The RNA interference (RNAi) pathway in mammals. A single Dicer protein processes long dsRNA into siRNAs and pre-miRNAs into miRNA duplexes. These small RNAs are loaded into an Argonaute containing RISC complex, from which one of the strands is eliminated and degraded. The other strand, referred to as guide strand (for siRNAs) or the mature miRNA (for miRNAs), is retained and used to guide Argonaute onto target RNAs, resulting in cleavage (siRNA) or translational inhibition or target RNA destabilization (miRNA). The scheme shows the cytoplasmic stage of the miRNA pathway; the nuclear stage (pri-miRNA transcription, processing, and pre-miRNA nuclear export) is not shown.

Figure 5

Cytosolic recognition of foreign nucleic acids and activation of interferon stimulated genes (ISGs). (A) Domain structure of the cytosolic RNA sensors RIG-I and MDA5, showing the CARD signaling domain, the DExD/H-box helicase domain, and the C terminal domain (CTD). LGP2 lacks the CARD signaling domain. (B) Schematic representation of the interferon response in mammals.
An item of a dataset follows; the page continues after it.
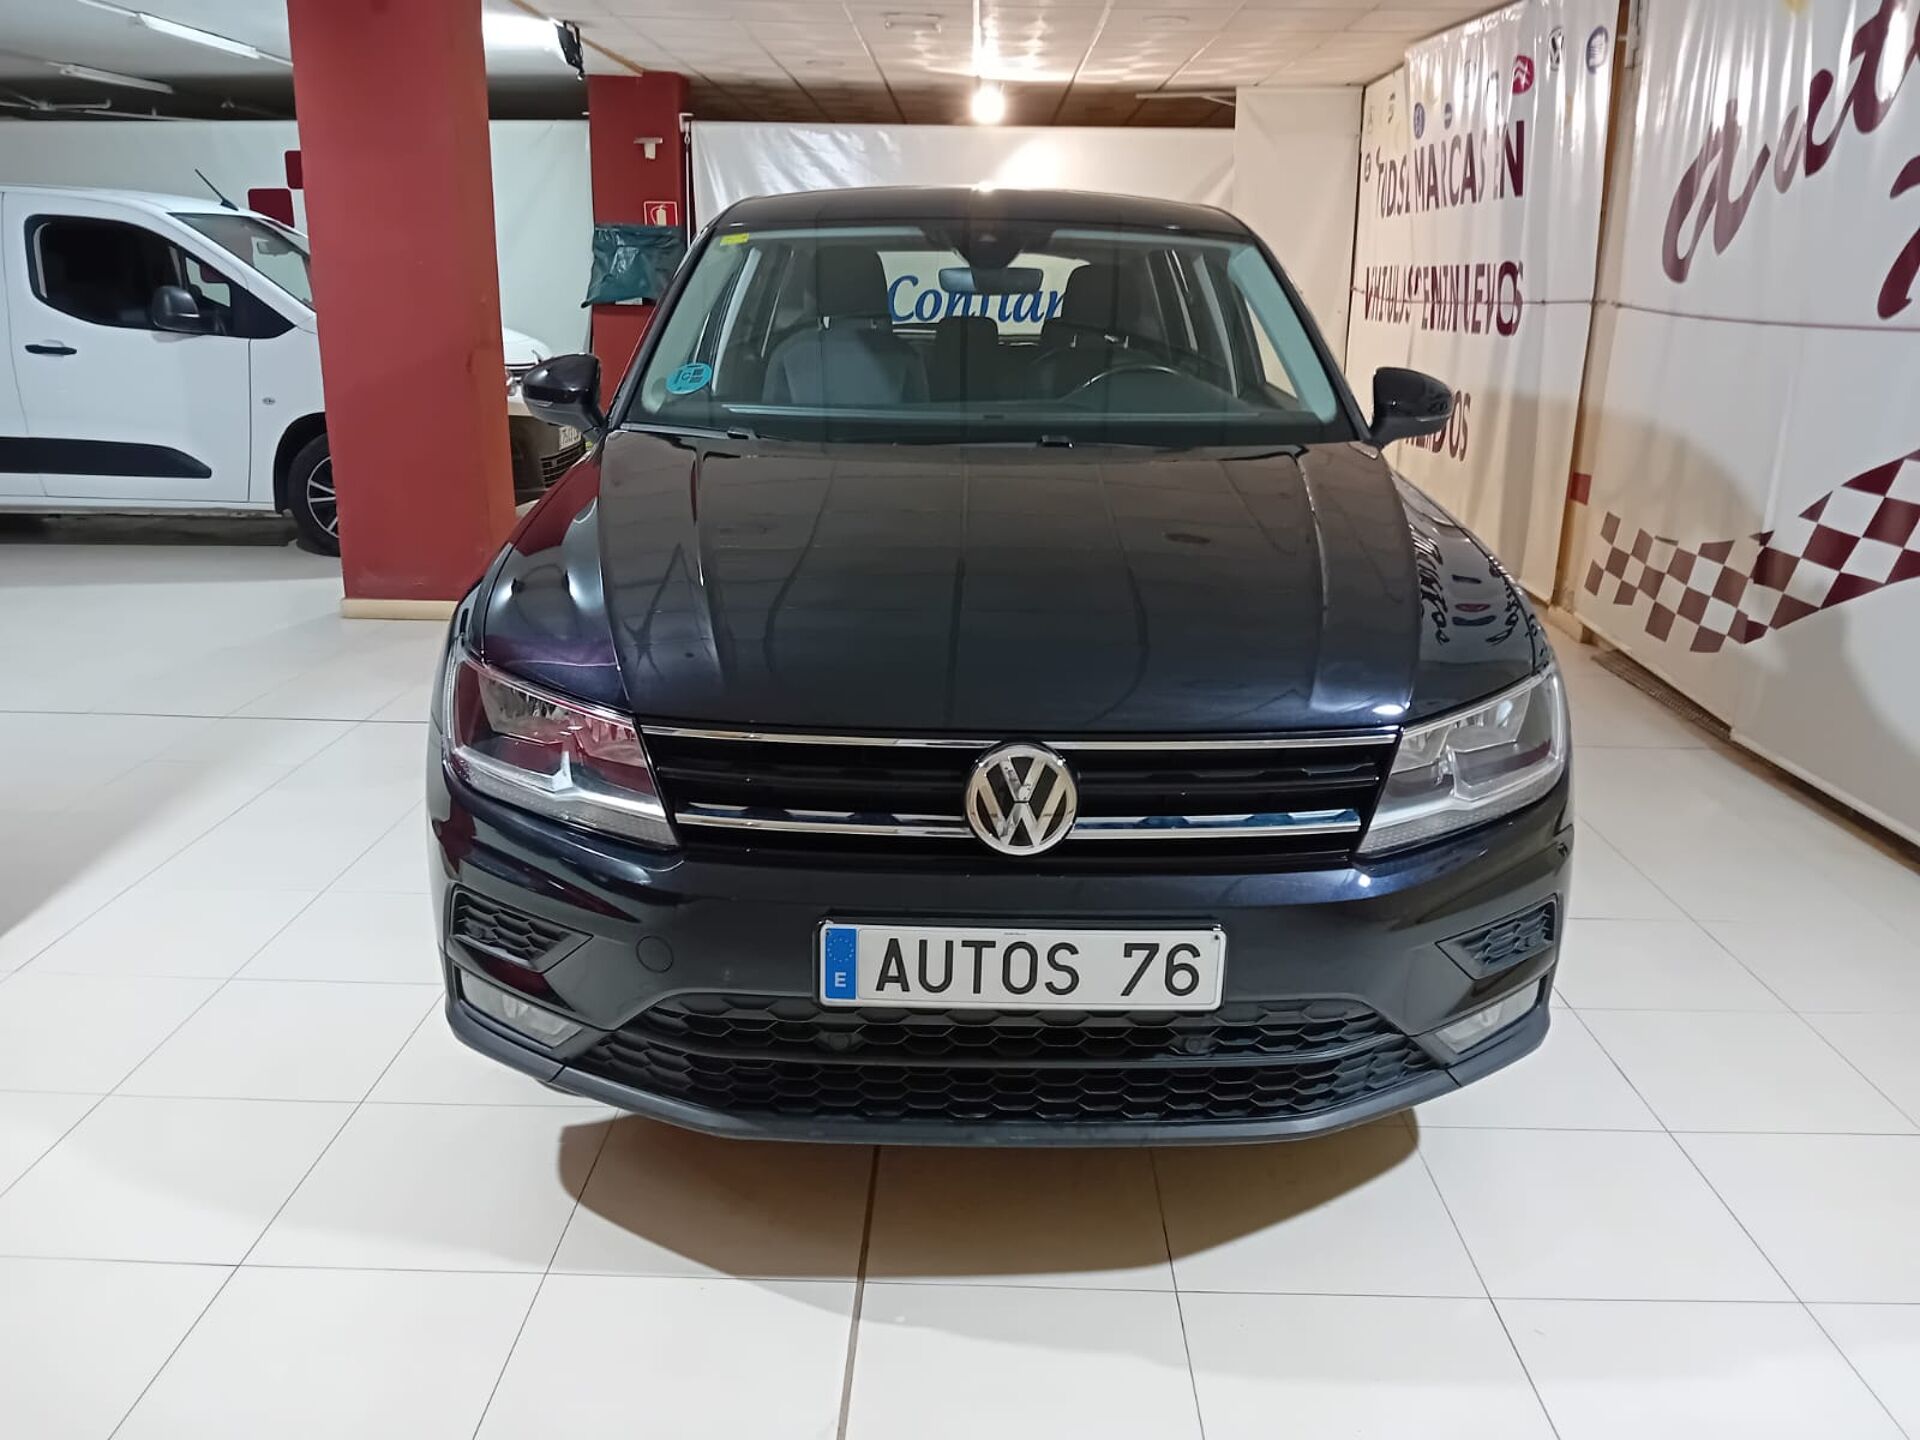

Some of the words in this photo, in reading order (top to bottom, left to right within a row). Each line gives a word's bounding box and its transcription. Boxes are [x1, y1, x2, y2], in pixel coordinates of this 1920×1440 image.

RIG-I and MDA5 recognize non-self viral RNA signatures, including the presence of a 5’ triphosphate moiety on RNA (3P-RNA) or long dsRNA. Upon detection of foreign nucleic acids, the CARD domains transduce the signal to mitochondrial antiviral-signaling protein (MAVS) located at mitochondrial membranes, leading to the phosphorylation and activation interferon response factors (IRF) 3 and 7. Upon activation, IRF3 and IRF7 form homodimers and translocate to the nucleus, where they bind Interferon-Stimulated Response Elements (ISRE) to activate transcription of type I interferons (IFN-α and IFN-β). Type I IFNs translocate across the cell membrane, after which they signal in a paracrine or autocrine manner via the interferon-α/β receptor (consisting of two subunits, IFNAR1 and IFNAR2). This activates the JAK-STAT pathway, leading to phosphorylation of STAT transcription factors (signal transducer and activator of transcription). Phosphorylated STAT1 and STAT2 heterodimerize, and translocate to the nucleus to activate expression of broad range of ISGs.

Figure 6

Interactions between viruses, RNA interference (RNAi), and the interferon pathway in mammals. Virus infection induces the expression of type I interferons, leading to the expression of Interferon stimulated genes (ISGs) that collectively restrict virus infection. The interferon pathway inhibits RNAi via multiple mechanisms, whereas miRNAs inhibit expression of ISGs. Virus infection induces an antiviral RNAi response under specific conditions, in stem cells or in absence of viral suppressors of RNAi.